What you return must match the data below exactly, minus any pictures.
###
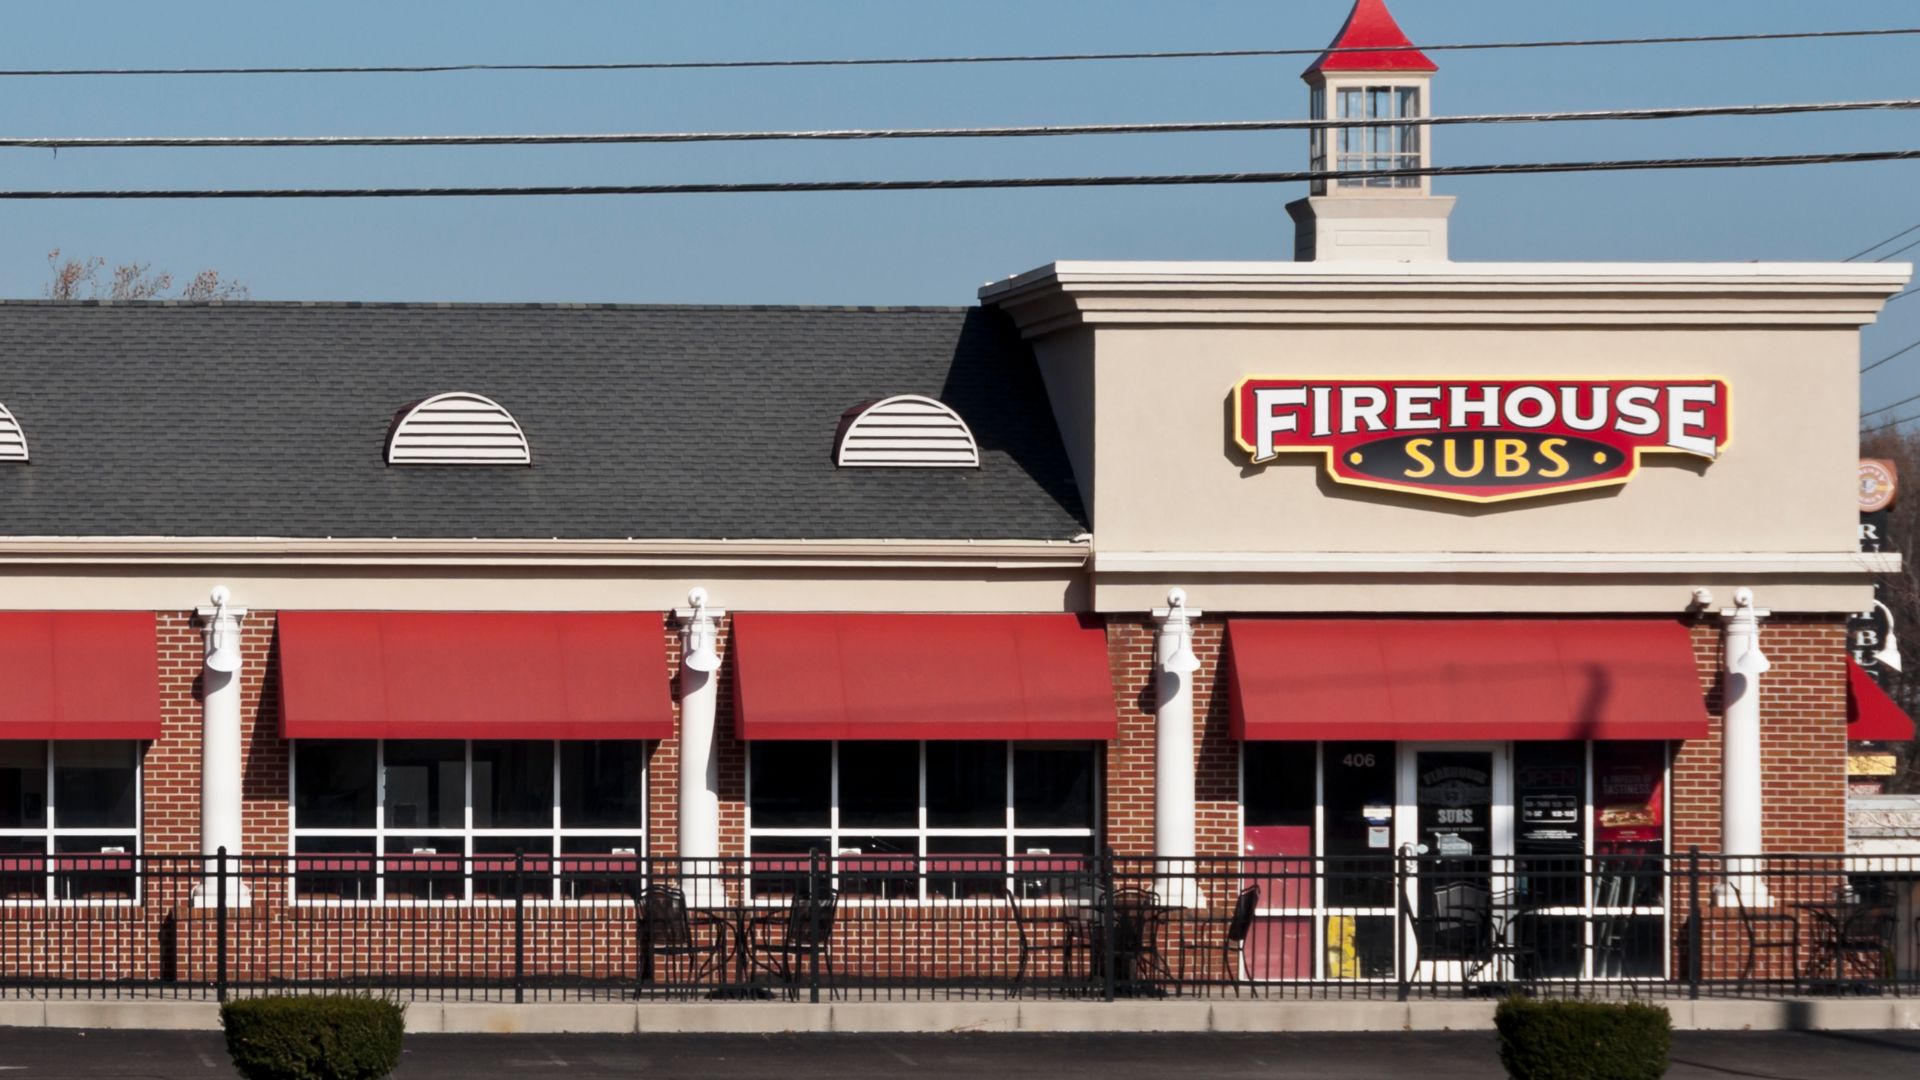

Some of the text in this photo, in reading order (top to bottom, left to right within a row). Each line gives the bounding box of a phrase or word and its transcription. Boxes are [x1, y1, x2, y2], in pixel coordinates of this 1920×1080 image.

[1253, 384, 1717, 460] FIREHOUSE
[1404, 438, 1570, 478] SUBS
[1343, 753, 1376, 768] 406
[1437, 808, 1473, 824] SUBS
###
Output:
Some of the text in this photo, in reading order (top to bottom, left to right within a row). Each line gives the bounding box of a phrase or word and its transcription. Boxes are [x1, y1, x2, y2], in pixel coordinates of this 1920×1080 image.

[1253, 384, 1717, 460] FIREHOUSE
[1404, 438, 1570, 478] SUBS
[1343, 753, 1376, 768] 406
[1437, 808, 1473, 824] SUBS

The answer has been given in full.